A prompt conditions a distribution

Strip away the chat window, the typing indicator, the first-person voice. What remains is a frozen function: a network with parameters $\theta$ that maps a token sequence to a probability distribution over the next token (Vol II · Ch 01). Generation is that function applied repeatedly. Everything prompting will ever do is contained in one equation:

EQ P1.1 — THE CONDITIONAL $$ p_\theta\!\left(y \mid x\right) \;=\; \prod_{t=1}^{|y|} p_\theta\!\left(y_t \,\middle|\, x,\; y_{<t}\right) $$

$x$ is your prompt, $y$ the response, $\theta$ the weights — frozen. No gradient flows at inference; nothing you type changes a single parameter. What you control is $x$, and through attention (Vol II · EQ 3.1) every token of $x$ is visible to every step of $y$. Change one token and you are indexing into a different conditional distribution — sometimes imperceptibly, sometimes catastrophically. Prompting is the art of choosing the condition.

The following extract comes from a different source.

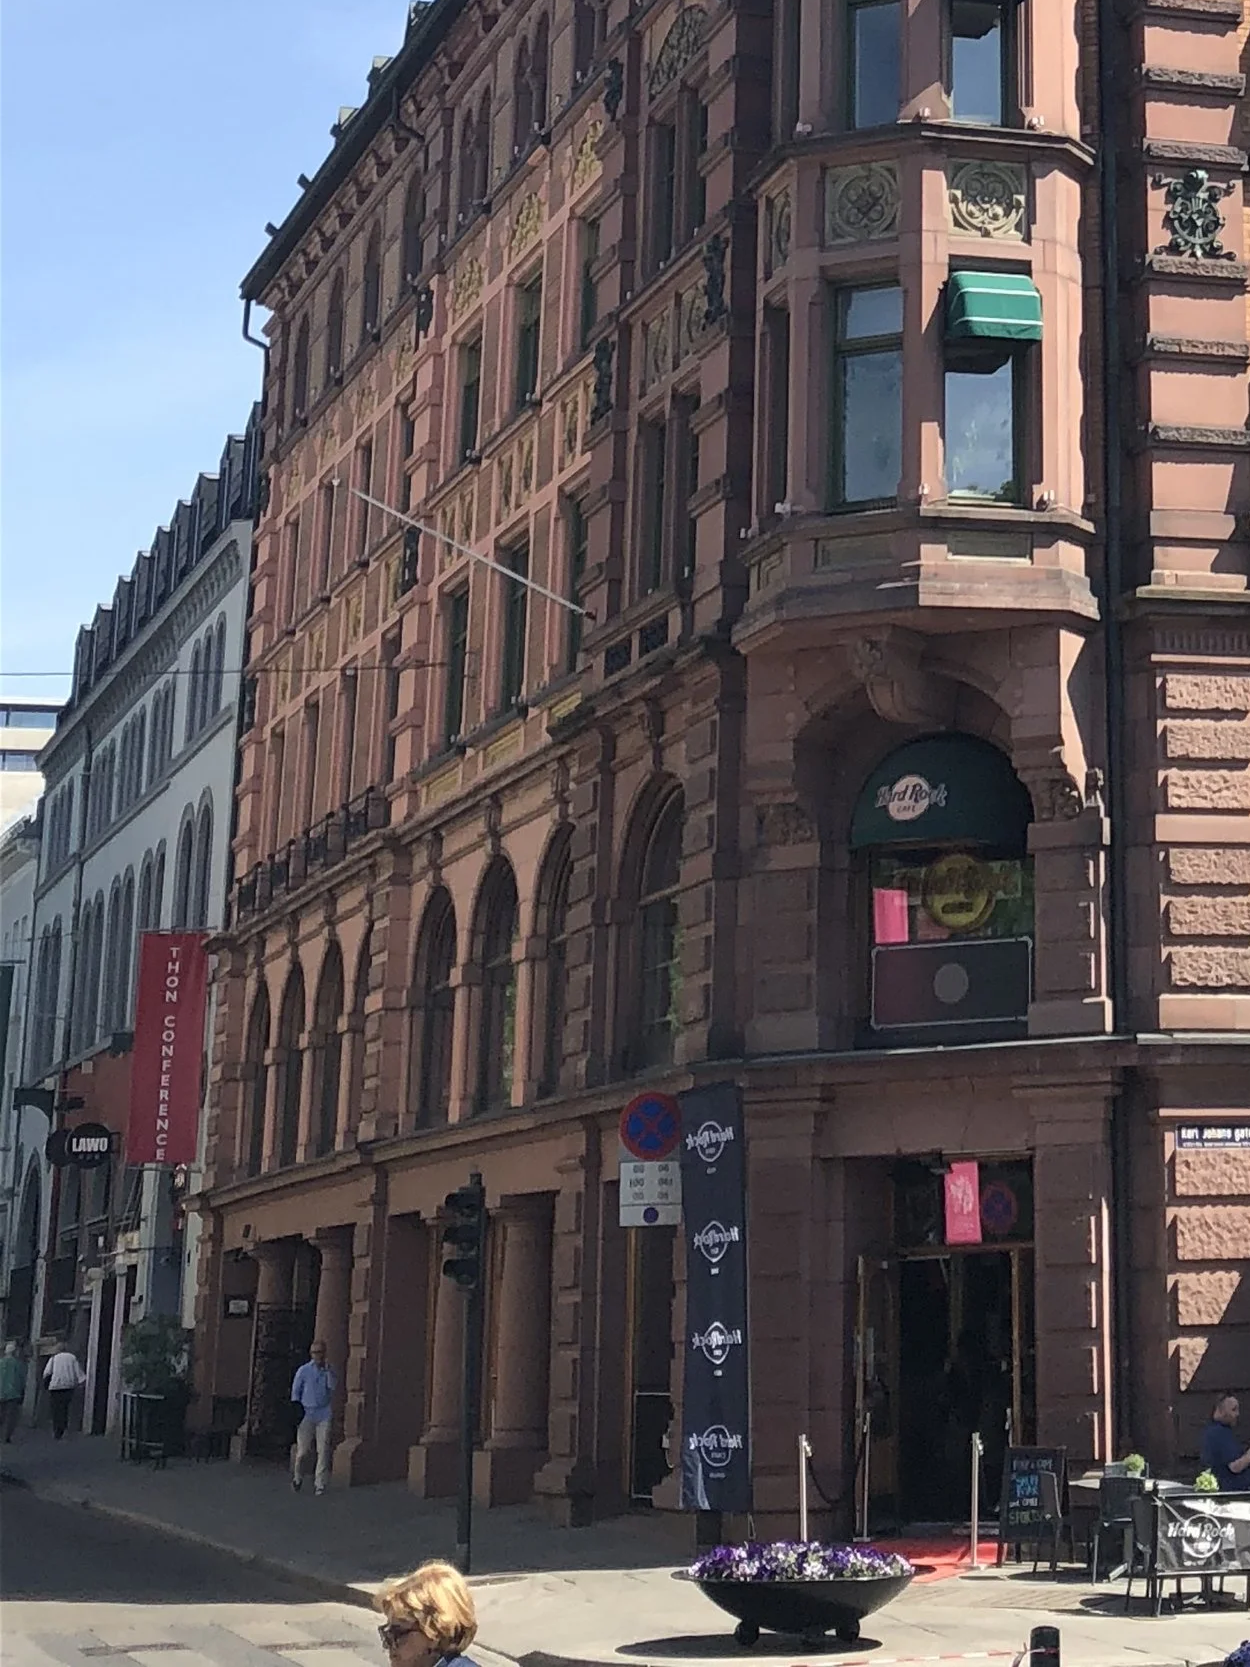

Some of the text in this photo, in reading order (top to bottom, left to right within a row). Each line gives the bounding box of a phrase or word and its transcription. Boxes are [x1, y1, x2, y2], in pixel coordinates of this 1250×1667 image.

[875, 782, 948, 807] Hard Rock
[156, 947, 180, 1161] THON CONFERENCE
[72, 1137, 108, 1152] LAWO
[1168, 1522, 1235, 1541] Hard Rock

This is why wording matters in a way that feels disproportionate. "Please" is not politeness to the model; it is two tokens of evidence that shift the response toward registers where "please" appeared in training data. A typo, a code fence, ALL-CAPS, the choice between : and — — each perturbs the condition, and the distribution moves. There is no separate channel for "what you meant." The tokens are the entire input.

A useful — and honest — second lens treats the model as inferring what kind of text this is before continuing it. Pre-training data is a mixture of countless documents, each written under some latent context: an author, a genre, a task, a level of care. One way to describe trained behavior:

EQ P1.2 — THE LATENT-TASK LENS $$ p_\theta\!\left(y \mid x\right) \;\approx\; \sum_{\tau} p_\theta\!\left(y \mid \tau, x\right)\, p_\theta\!\left(\tau \mid x\right) $$

$\tau$ ranges over latent "document types" — task, persona, register, quality tier. The prompt acts as evidence about which $\tau$ you are in; roles and examples sharpen the posterior $p(\tau \mid x)$. To be clear: no such sum is computed anywhere in the network — this is a behavioral description (the implicit-Bayesian-inference account of in-context learning, Xie et al. 2021), not an architecture fact. But it predicts real phenomena: why examples often beat instructions, why personas shift style more than skill, why sloppy prompts beget sloppy answers.

WHAT PROMPTING MOVES

p(y | x)

Every token of the condition re-weights the entire output distribution.

WHAT IT NEVER TOUCHES

θ

The weights are frozen. Capability is fixed before you type a word.

WHAT THAT IMPLIES

selection, not creation

A prompt elicits behaviors the network can already express — it cannot add new ones.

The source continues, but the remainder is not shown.